Para libertar as massas das velhas Direcções, que se tornaram num obstáculo à revolução, o Programa retoma a essência da política de frente única, ao propor que delas se exija sistematicamente: “Rompam com a burguesia, tomem o poder!”.

A transição na construção do Partido

Nos limites deste texto, não cabe explicar as bases políticas da crise de dispersão que atingiu a 4ª Internacional em 1952/1953, privada que estava de Trotsky, assassinado por um agente de Estaline em Agosto de 1940. Vamos apenas realçar que aqueles que ficaram fiéis ao seu Programa de fundação procuraram ligar-se às classes trabalhadoras e aplicar o método da transição também na construção da 4ª Internacional e das suas secções.

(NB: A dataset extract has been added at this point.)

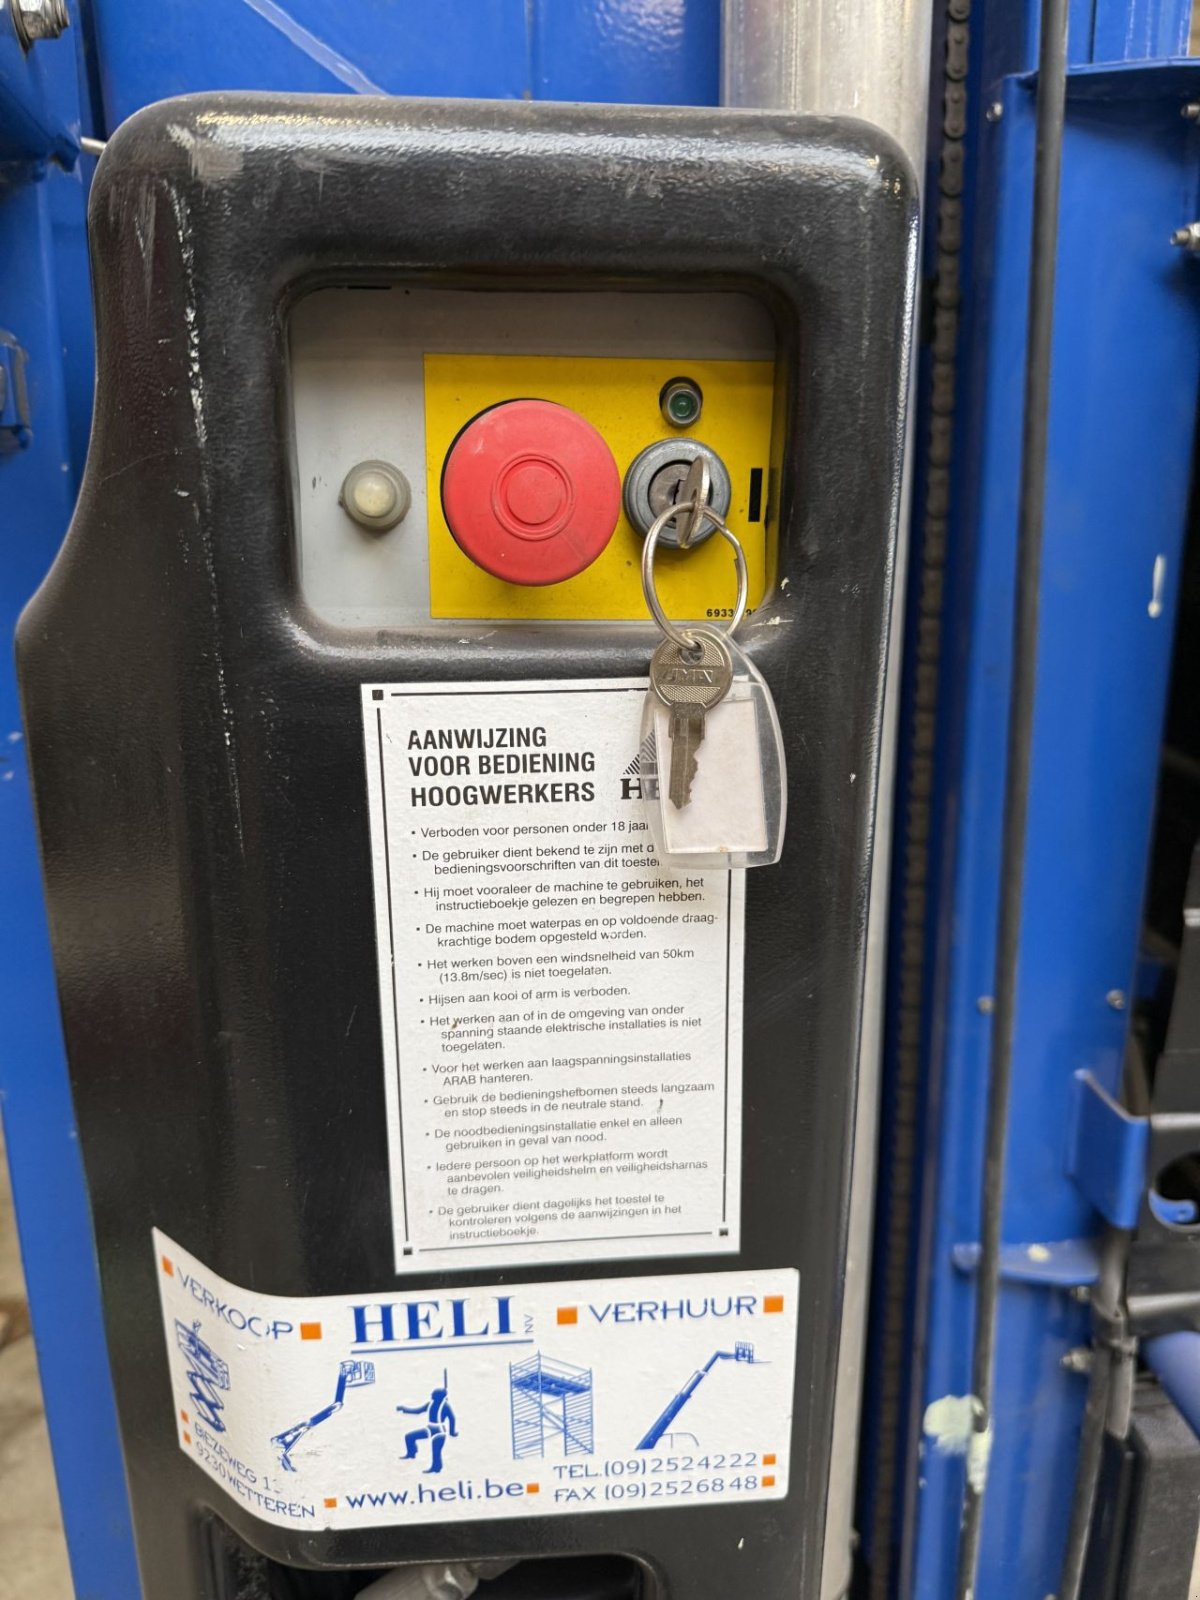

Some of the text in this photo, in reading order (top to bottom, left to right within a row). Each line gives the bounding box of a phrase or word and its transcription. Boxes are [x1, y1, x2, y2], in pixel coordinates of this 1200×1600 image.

Pierre Lambert – dirigente da Secção francesa, cujo centenário de nascimento ocorre neste ano de 2020 – desempenhou um papel importante nessa elaboração. Militante da CGT clandestina sob a ocupação nazi, depois dirigente da CGT-FO, Lambert procurou convencer os seus camaradas sobre a necessidade de criar um quadro flexível que permitisse o trabalho comum com militantes de outras origens, em ruptura com o estalinismo e a social-democracia.

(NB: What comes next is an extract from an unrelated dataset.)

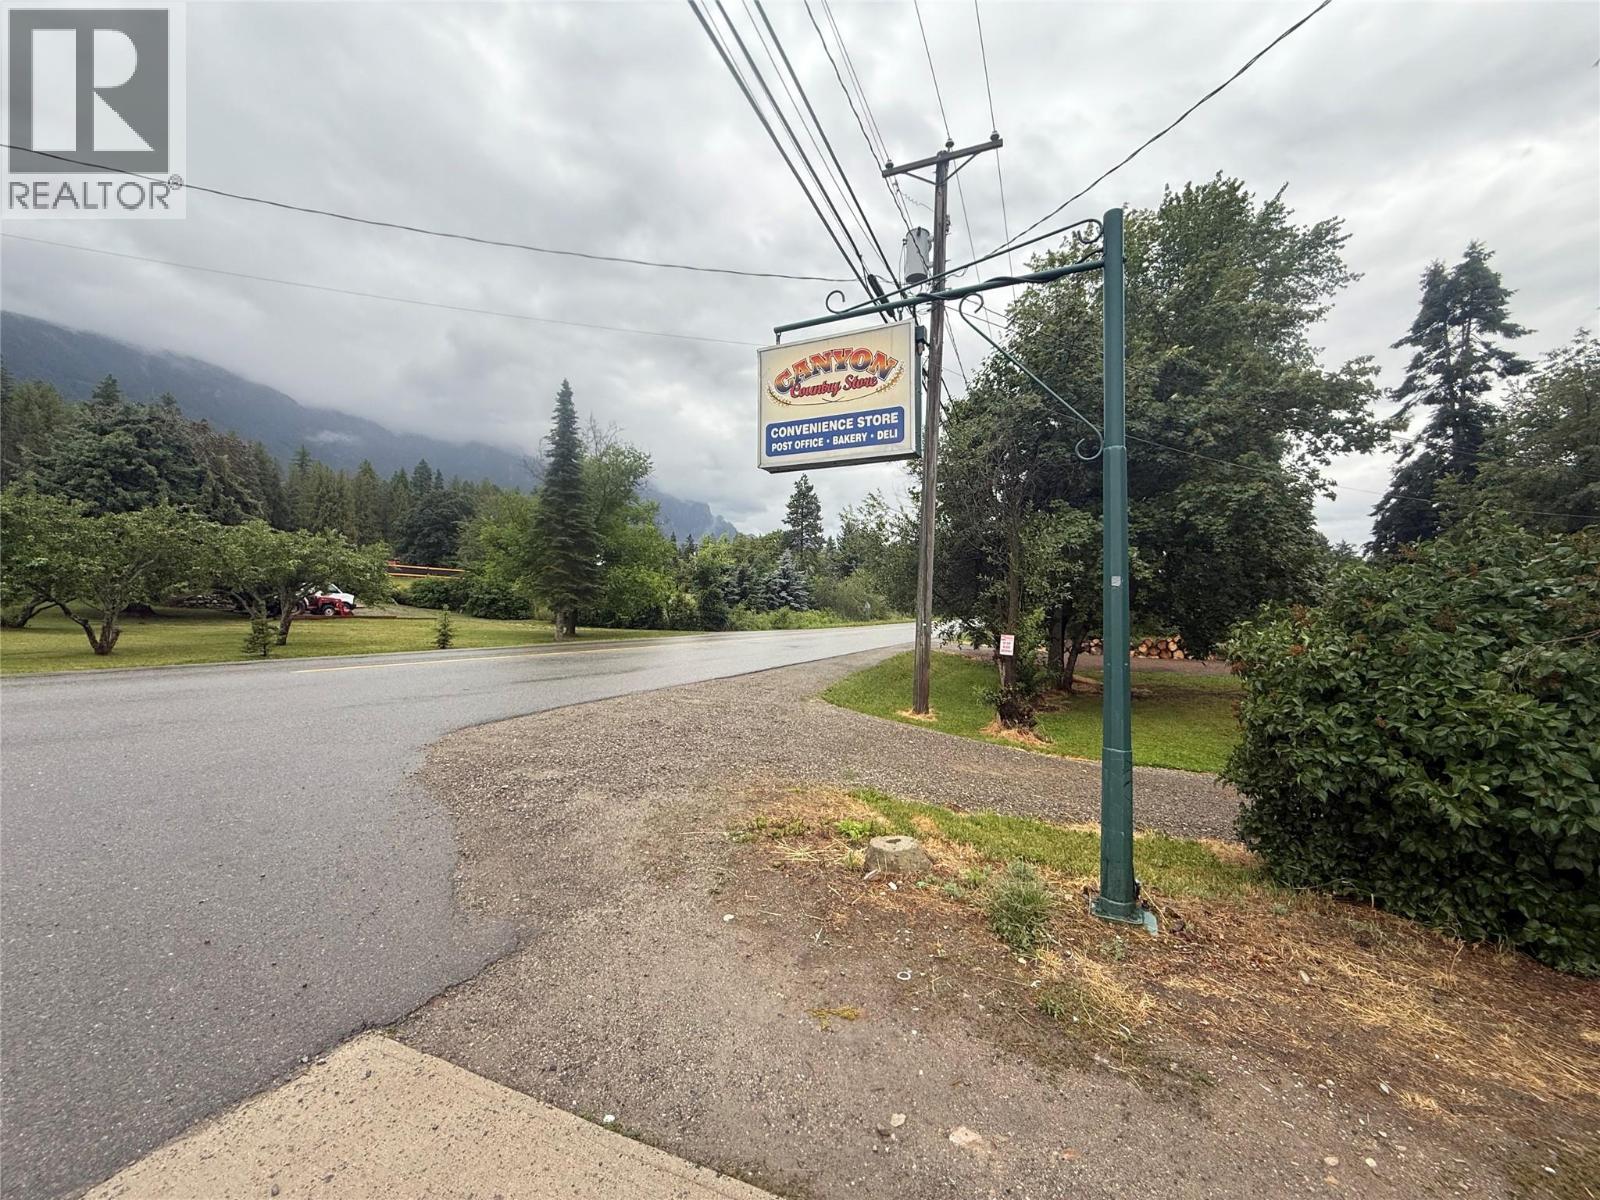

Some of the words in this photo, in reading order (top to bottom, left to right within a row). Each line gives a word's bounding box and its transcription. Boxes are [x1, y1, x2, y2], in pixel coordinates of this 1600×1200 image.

Uma elaboração que avançou através da discussão e da experiência, e que pode ser assim resumida: o Programa da 4ª Internacional foi confirmado pela História; logo, ele é a base para a construção do Partido revolucionário. Mas, perante a terrível crise de Direcção, o Programa não pode ser um ultimato dirigido aos que querem combater o imperialismo. Sobre a base do internacionalismo e da independência de classe, é preciso criar – em pé de igualdade com outros militantes – um quadro comum para o combate pelo socialismo.

A luta por partidos operários independentes e a criação de um quadro internacional para o debate e a acção contra o imperialismo, além de corresponder a uma necessidade premente, é também uma transição para a construção da 4ª Internacional e das suas secções.

O processo que levou à reproclamação da 4ª Internacional, em 1993, foi alimentado por experiências de construção ou defesa de partidos operários independentes em vários países. Em 1991, na Conferência Mundial Aberta de Barcelona, foi criado o Acordo Internacional dos Trabalhadores e dos Povos (AIT), expressando essa mesma linha da transição, que hoje se prolonga no Comité Internacional de Ligação e de Intercâmbio, criado na Conferência Mundial contra a Guerra e a Exploração, realizada em Argel em 2017. ´

É assim que, passados 82 anos da sua fundação, e no meio da mais brutal crise do capitalismo – acelerada e desnudada pela pandemia do Covid19 – a 4ª Internacional vive e luta!

Artigo de Júlio Turra no jornal “O Trabalho” – cuja publicação é da responsabilidade da Secção brasileira da 4ª Internacional (corrente do Partido dos Trabalhadores) – na sua edição nº 874, de 11 de Setembro de 2020.